What is chlorophyll?
The term chlorophyll is derived from the Greek words 'chloros' (green) and 'phyllon' (leaf). As its name suggests, it is abundant in fresh green leafy vegetables and fruits. Chlorophyll gives plants their green color. Another function is to enable photosynthesis, through which plants produce oxygen and nutrients. Humans do not have the capacity to synthesize chlorophyll pigment, but we can obtain it in certain amounts through our diet.
What is purified chlorophyll?
Purified chlorophyll is used as a food additive in the food industry to give food and beverages a green color. Examples include cheeses, soft drinks, confectionery, ice cream, and chocolate. It should not be assumed that pure chlorophyll can be used freely simply because it is a natural substance; like all additives, its use is restricted in Turkey by the Turkish Food Codex Food Additives Regulation. The E code found in the E numbering system on the ingredients list of packaged products is 140.

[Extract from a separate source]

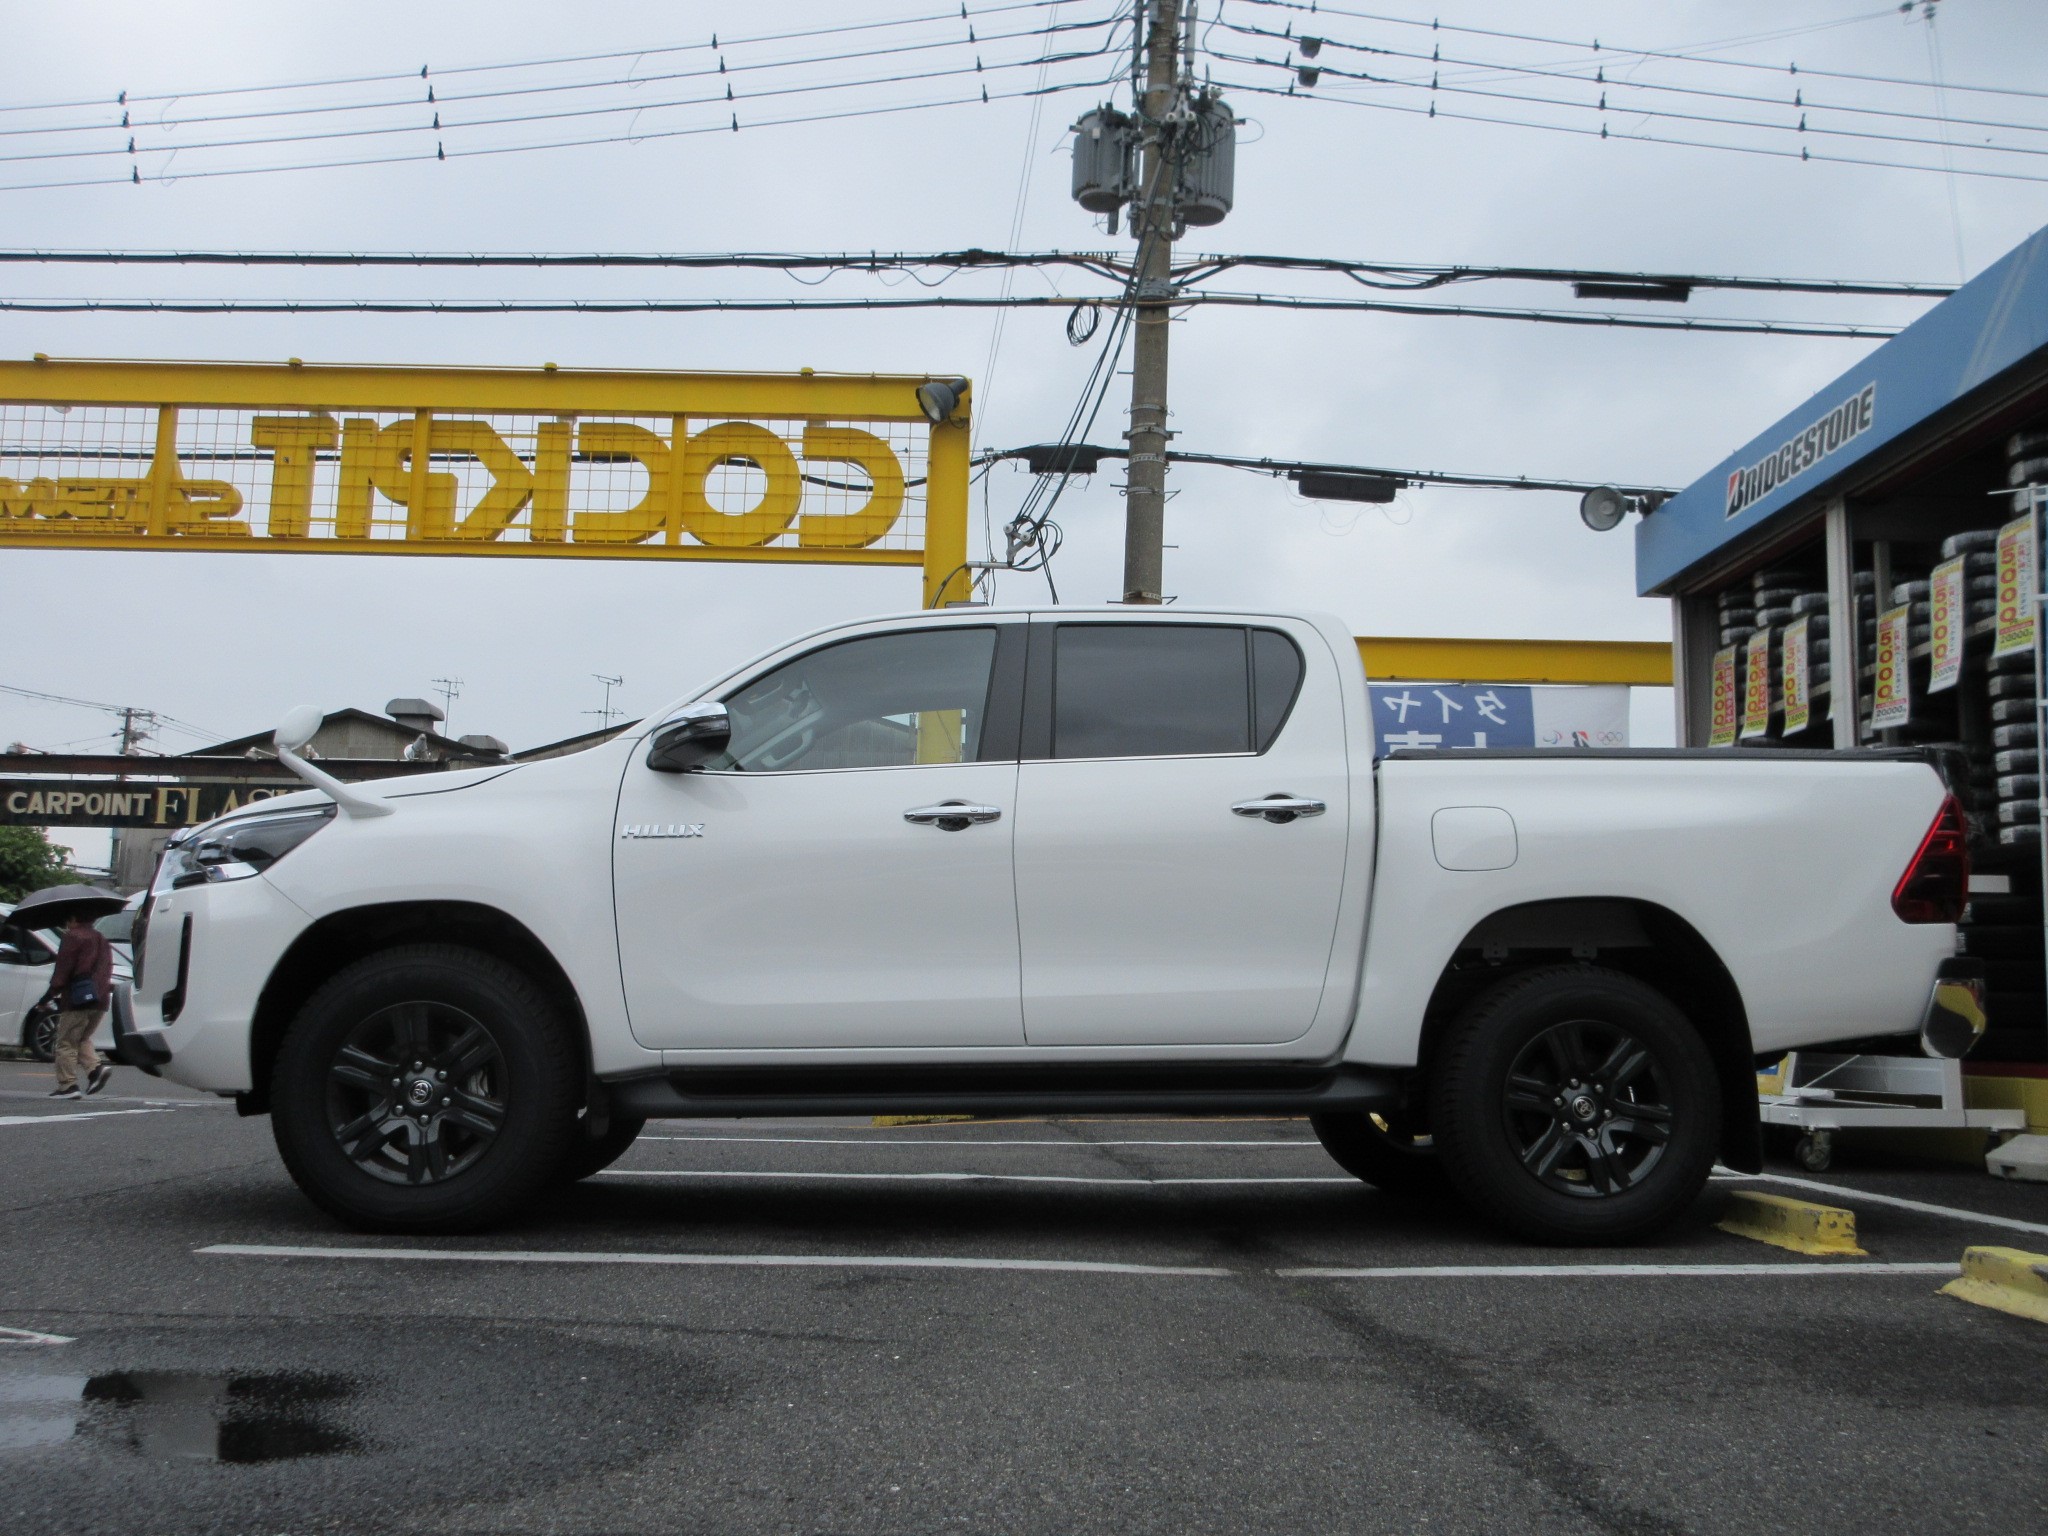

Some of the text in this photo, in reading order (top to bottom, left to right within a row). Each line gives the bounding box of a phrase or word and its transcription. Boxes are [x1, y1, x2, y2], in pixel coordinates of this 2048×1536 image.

[1726, 385, 1875, 518] BRIDGESTONE
[7, 791, 151, 816] CARPOINT
[621, 824, 704, 838] HILUX

What is liquid chlorophyll?
Liquid chlorophyll (artificial form) is the copper complex form of naturally occurring chlorophyll. This form of chlorophyll is also used to give a green color, and its use is restricted by the Turkish Food Codex Food Additives Regulation. Its E code is 141.
What are the health effects of chlorophyll?
There are very few studies examining the health effects of chlorophyll. Of these, only a small percentage are clinical trials (studies involving volunteers). Current studies indicate that chlorophyll exhibits antioxidant, anticancer, and antimutagenic effects. However, long-term, controlled clinical trials with a sufficient number of volunteers are needed to definitively state that it is safe and effective.

Should liquid chlorophyll be taken as a supplement?
You should consult your doctor before using any supplements, including vitamins and minerals. While the use of vitamins and minerals as supplements is often considered safe and not given much importance, the issue of supplementation is not that simple; on the contrary, it is a complex one. Furthermore, our current knowledge about the absorption and transformation of chlorophyll in the body is insufficient, and its safety as a supplement is not certain. Instead of chlorophyll supplementation, I recommend consuming green vegetables and fruits in your daily diet. This way, you will safely obtain chlorophyll, along with dietary fiber, antioxidants, vitamin C, vitamin K, folic acid, and many other nutrients.
What foods contain chlorophyll?
As mentioned at the beginning of our article, it is abundant in fresh green leafy vegetables and fruits. Examples of these foods include cabbage, Brussels sprouts, spinach, broccoli, arugula, parsley, green peppers, asparagus, lettuce, curly lettuce, purslane, chard, green beans, peas, leeks, and zucchini.

Do food storage and cooking conditions affect chlorophyll content?
Yes, the chlorophyll content of foods is affected by heat, acidic environments, and light. Blanching vegetables by placing them in cold water before freezing helps preserve as much chlorophyll content as possible. Various studies report that the greatest chlorophyll loss occurs through boiling, while the least loss occurs through steaming. To summarize point by point:
1. The presence of acidic foods such as lemon or vinegar in the cooking pot during cooking increases chlorophyll loss.
2. Cooking at high temperatures and high pressure (in a pressure cooker) reduces the amount of chlorophyll in vegetables.
3. Steaming vegetables minimizes chlorophyll loss. Additionally, blanching vegetables before freezing helps preserve their chlorophyll content.
4. Green vegetables contain less chlorophyll after being exposed to heat compared to their raw state. Therefore, seasonal salads, where we can consume vegetables raw, play an important role in our diet as a source of chlorophyll.